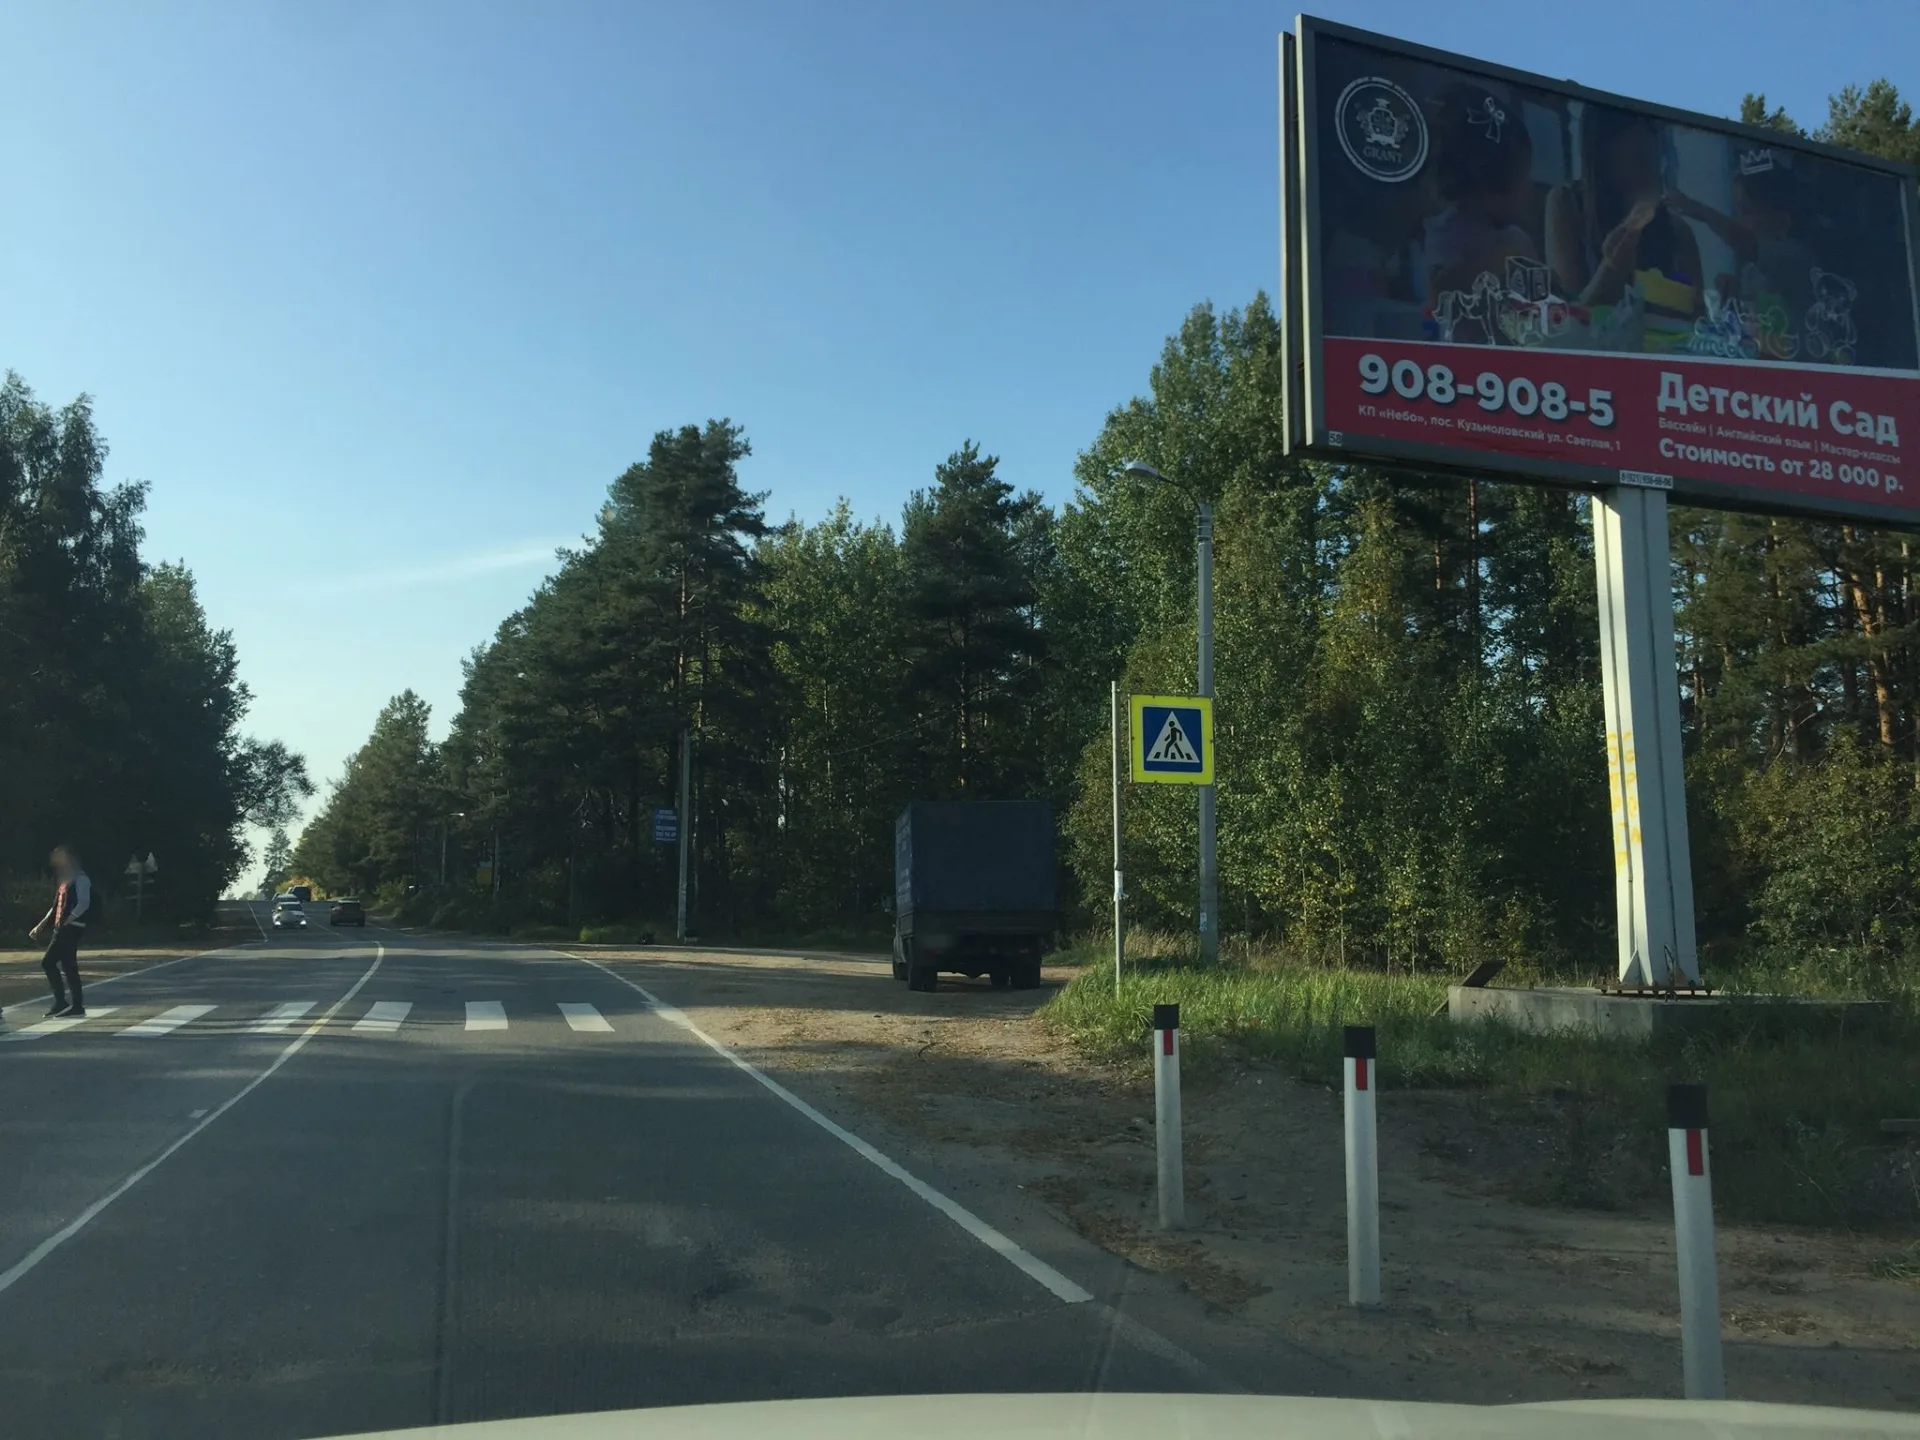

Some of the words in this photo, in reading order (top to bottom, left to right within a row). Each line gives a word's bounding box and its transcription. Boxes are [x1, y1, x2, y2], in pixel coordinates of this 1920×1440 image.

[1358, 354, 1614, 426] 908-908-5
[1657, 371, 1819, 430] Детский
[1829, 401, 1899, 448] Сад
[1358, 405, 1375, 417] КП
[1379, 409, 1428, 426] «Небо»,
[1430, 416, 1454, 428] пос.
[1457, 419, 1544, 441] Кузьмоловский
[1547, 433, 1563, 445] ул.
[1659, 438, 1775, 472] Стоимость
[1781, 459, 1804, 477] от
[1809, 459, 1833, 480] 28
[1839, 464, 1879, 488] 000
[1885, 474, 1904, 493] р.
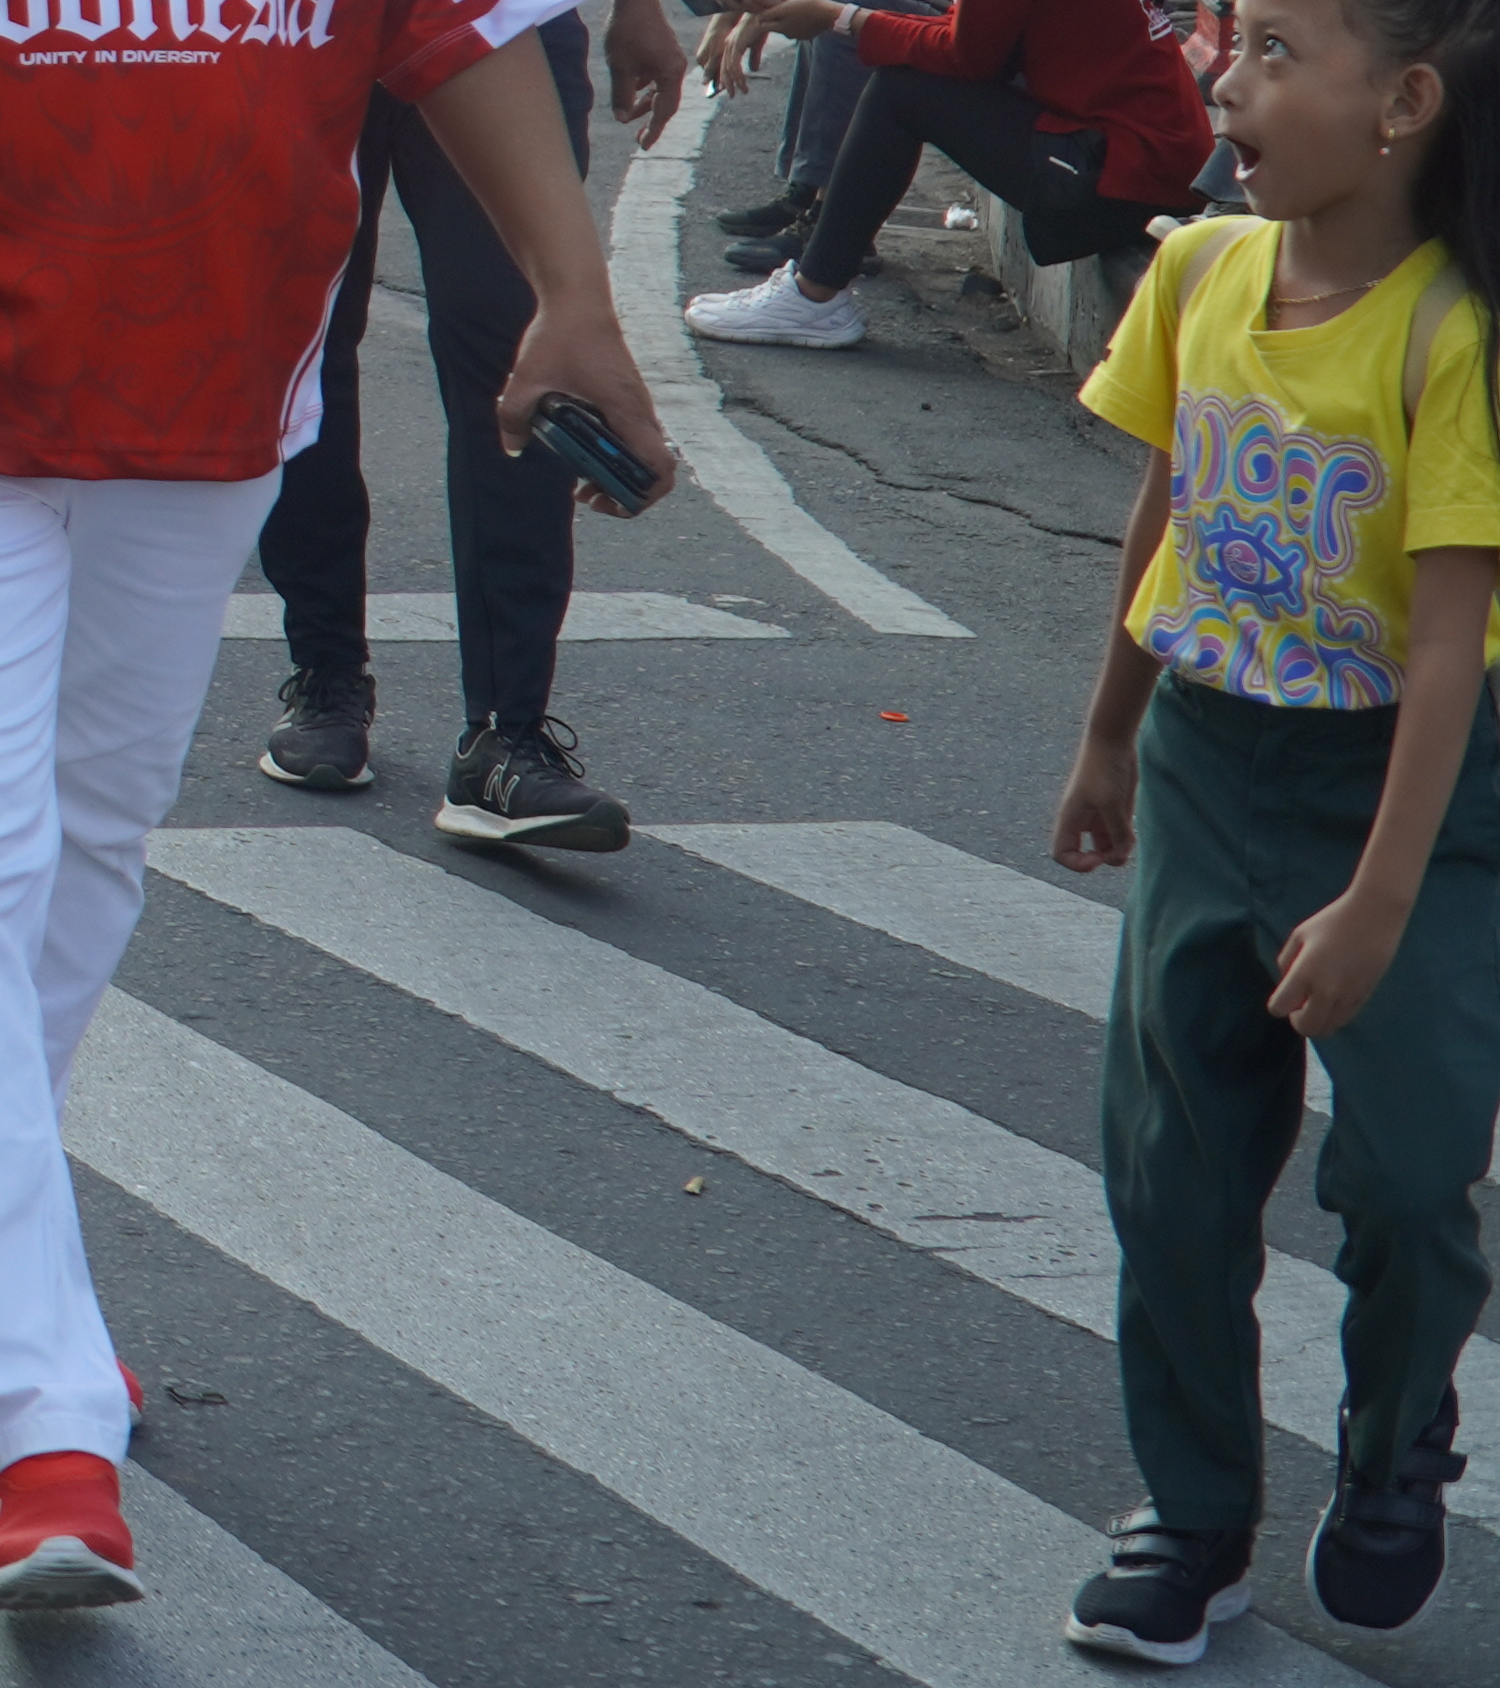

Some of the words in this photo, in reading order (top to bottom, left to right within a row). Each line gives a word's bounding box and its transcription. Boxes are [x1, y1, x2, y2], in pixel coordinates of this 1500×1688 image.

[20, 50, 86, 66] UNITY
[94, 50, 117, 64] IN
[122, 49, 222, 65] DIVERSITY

*YOUR GOAL:*
From the first record to the last, copy everything exactly except the pictures.

*ANSWER BOX:*
Some of the words in this photo, in reading order (top to bottom, left to right within a row). Each line gives a word's bounding box and its transcription. Boxes are [x1, y1, x2, y2], in pixel coordinates of this 1920×1440 image.

[1358, 354, 1614, 426] 908-908-5
[1657, 371, 1819, 430] Детский
[1829, 401, 1899, 448] Сад
[1358, 405, 1375, 417] КП
[1379, 409, 1428, 426] «Небо»,
[1430, 416, 1454, 428] пос.
[1457, 419, 1544, 441] Кузьмоловский
[1547, 433, 1563, 445] ул.
[1659, 438, 1775, 472] Стоимость
[1781, 459, 1804, 477] от
[1809, 459, 1833, 480] 28
[1839, 464, 1879, 488] 000
[1885, 474, 1904, 493] р.

Some of the words in this photo, in reading order (top to bottom, left to right within a row). Each line gives a word's bounding box and its transcription. Boxes are [x1, y1, x2, y2], in pixel coordinates of this 1500×1688 image.

[20, 50, 86, 66] UNITY
[94, 50, 117, 64] IN
[122, 49, 222, 65] DIVERSITY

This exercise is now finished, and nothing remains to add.